Glossing Over The Fight At Liz Hurley’s Wedding

by | 8th, April 2007

lizarun1.jpgHAVING taken in England, India and Elton John’s 60th birthday in New York, the wedding of Liz Hurley and Arun Nayar should be approaching the groom’s native Leeds any day now.

There will not be a dry eye left on planet Earth once the wedding of the year and, given time, the wedding of the decade finishes with a bang and right on schedule for Liz and Arun’s diamond jubilee (sponsored by Chopard).

The Mail spots one man’s wet eyes. He’s Vinod Nayar, father of the groom. As the Mail writes, “tears streamed from his red-rimmed eyes” as his boy married La Hurley.

But these were not only tears of joy. While Arun and Liz gazed up towards the skies illuminated with fireworks and the flashguns of Hello! magazine’s photographers, Vinod was “sat dejectedly in his hotel room armchair”. He “stared vacantly at a flickering television screen”. His face was “crumpled with pain”.

Behind the smiles and the laughter “the most talked-about wedding of the year was marred by unpleasant feuding from the outset and culminated in disgraceful scenes with ramifications that will last for years”.

The Mail talks of “perceived snubs, claims, counterclaims and boycott threats”. And there goes Vinod now, being ejected form his own son’s wedding.

For shame!

Says Vinod: “I believe it was expressly done on Elizabeth’s orders. Maybe they didn’t really want my side of the family there. They didn’t even have the good manners to invite my 87-year-old mother.”

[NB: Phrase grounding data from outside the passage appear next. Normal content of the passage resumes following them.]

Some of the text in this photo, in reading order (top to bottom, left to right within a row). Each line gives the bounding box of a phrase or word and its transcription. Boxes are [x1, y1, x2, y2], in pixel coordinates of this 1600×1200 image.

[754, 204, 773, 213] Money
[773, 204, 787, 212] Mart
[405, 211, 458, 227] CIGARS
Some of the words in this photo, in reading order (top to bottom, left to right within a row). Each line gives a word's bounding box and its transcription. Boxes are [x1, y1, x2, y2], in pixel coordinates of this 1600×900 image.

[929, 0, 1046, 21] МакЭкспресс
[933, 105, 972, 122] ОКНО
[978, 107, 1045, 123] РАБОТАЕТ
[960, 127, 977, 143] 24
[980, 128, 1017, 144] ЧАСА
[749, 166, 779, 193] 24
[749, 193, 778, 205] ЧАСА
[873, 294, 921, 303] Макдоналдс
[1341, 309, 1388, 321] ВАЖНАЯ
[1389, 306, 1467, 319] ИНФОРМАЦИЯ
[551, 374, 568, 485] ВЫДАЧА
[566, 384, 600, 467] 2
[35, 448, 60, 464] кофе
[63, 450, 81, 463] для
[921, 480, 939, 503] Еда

And there is more. Anorak usually shies away from long quotes, but we give Vinod his dues. He has much to say. He tells us:

“I once thought Liz was a lovely, unspoiled woman, but now I see that she is a very hard person. It was important for her to get celebrity faces there. That’s what the Hello! deal was about. She was fulfilling her contractual obligation.

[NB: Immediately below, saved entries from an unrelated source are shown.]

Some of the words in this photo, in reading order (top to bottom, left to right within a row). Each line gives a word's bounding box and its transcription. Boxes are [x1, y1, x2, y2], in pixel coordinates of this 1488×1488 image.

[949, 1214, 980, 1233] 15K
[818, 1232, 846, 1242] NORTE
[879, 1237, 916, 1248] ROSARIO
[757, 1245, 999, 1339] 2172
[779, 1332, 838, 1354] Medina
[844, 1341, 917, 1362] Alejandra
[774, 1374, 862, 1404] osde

“I knew she was very ambitious, but I never realised just how desperate she is for fame and attention.

“My wife and I were publicly humiliated and treated like social outcasts for the sake of a £2 million magazine deal. We were pushed into the background like poor relations.”

Who among us would shun their own aged grandmother for a mere couple of million pounds and the chance to be feted and swooned over in glossy print? For shame!

Vinod goes on: “But the most offensive and hurtful thing was to be denied, in the presence of all those people, the opportunity to accept her formally into the family, as is the Indian custom. This is not the behaviour of a woman with integrity and honour.”

And: “My heart is heavy with pain. I don’t know how she can blithely state in interviews that she gets on well with Arun’s Indian family after what she did. They should both be ashamed of themselves.”

Perhaps there is room to make the peace. After all, Vinod may share more with Liz than he imagines. Is his private life not now matter of public record? Has he not gone to the newspapers with his story?

Vinod tells us how Joanna, his second wife, Arun’s step-mother, was not made to feel welcome at the wedding.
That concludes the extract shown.